On the night of Kilty's death, the men trudged on to the village after another losing bout with the angelus. Tomas emerged from McCluskey's with Conor just as I was dusting off my knees. Father Cluny, the curate, recently out of Maynooth Seminary in County Kildare, padded nervously up the church path toward us. He was reasonably likable, for a priest, and his presence meant we had someone to teach us to read and write. He was awkward, already too heavy from eight pounds of potatoes a day and too little physical work, and he had quickly taken to aping Father Lynch's gestures, approaching us with hands tucked in cassock, then greeting us with a kind of pious papal wave.
"Your sorrow is shared by myself and Father Lynch."
"I'll thank you for that," Tomas answered.
"Might I be having a word with you?" the curate asked.
"Aye."
Father Cluny indicated by raised brow that the conversat
ion was of a private nature and Tomas likewise indicated he was not sending us off. The priest seemed to have suddenly run out of courage, reinforcing his wind with a number of deep sighs. "There is a matter you must know," he began. "In his last moments, your beloved father got sudden apprehensions and desired to rescind his excommunication from mother church and sought absolution."

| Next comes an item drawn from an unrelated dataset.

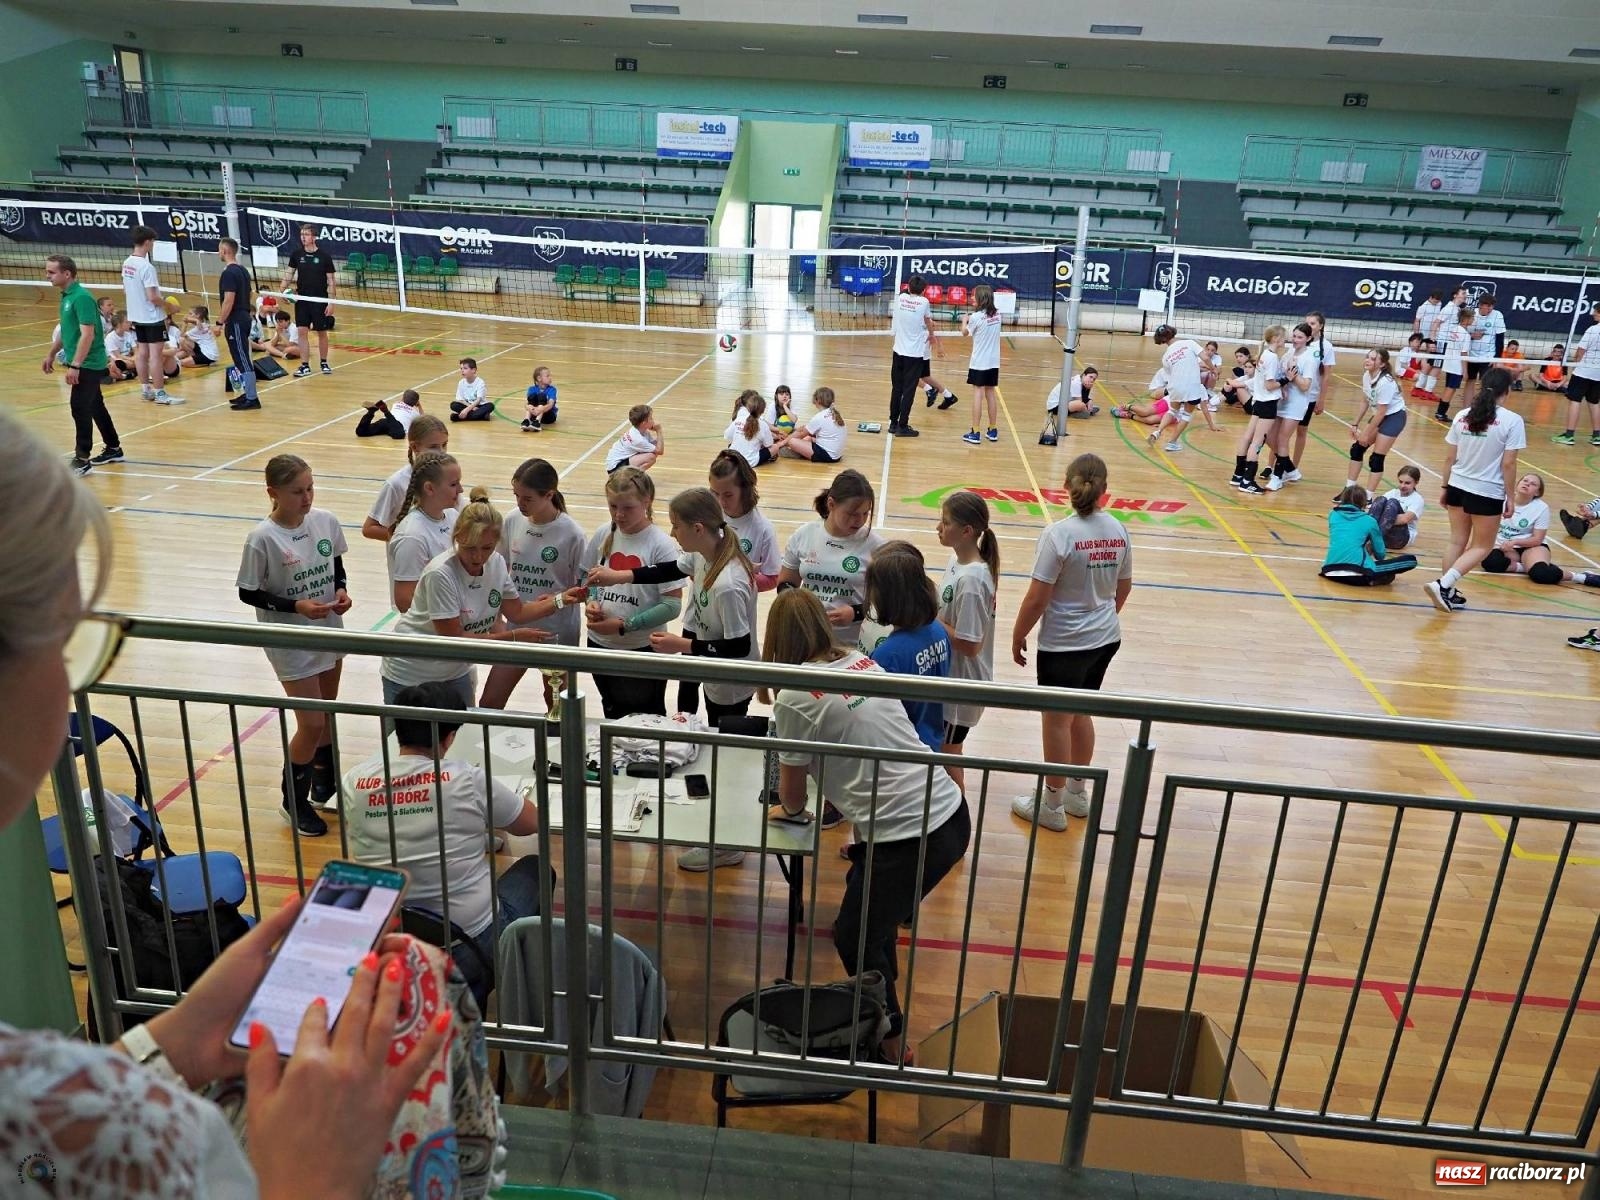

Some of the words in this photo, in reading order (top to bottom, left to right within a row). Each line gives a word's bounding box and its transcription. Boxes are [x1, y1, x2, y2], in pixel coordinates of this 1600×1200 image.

"Kilty . . . absolution. Aye, you're daft, man."
"Nae, it's the truth. Father Lynch himself performed the rite less than a week ago."
"Go on with you. Kilty would have drunk snake poison first. And why isn't Father Lynch here himself to deliver this blasphemy?"
The curate popped perspiration. "Knowing the feelings between you, we thought it best if I delivered the news."
"Nae, I don't believe it." Flicking it off, Tomas started away, leaving Father Cluny pawing the air and sputtering.
"Daddy," Conor said, "it's true."
Tomas stopped in his path and turned, looking queerly.
"It's true," Conor repeated.
"My God. I do think you're serious," he said.
"For the sake of the village and your family and in respect for the dead, I beg of you not to interfere when we bring Kilty to St. Columba's and hold a requiem mass."
"Kilty? A requiem mass?"
"He came back to the Church of his own free wish and those wishes should be honored."
"But, man, what are you telling me! How could such a thing like this have happened?"
"On the days I was teaching the lads in your cottage I came to know Kilty. I would stay on and visit with him . . . mind you, just talking . . . nothing underhanded. Indeed, it seemed to comfort his distress. A week ago, sensing his end was near, he was stricken with a desperate need to confess . . ."
"I don't believe you, Father Cluny. You were sent on a dirty mission by that toothache of a man, Father Lynch, and no doubt with the prodding and blessings of my own wife . . . murping him up with fear!"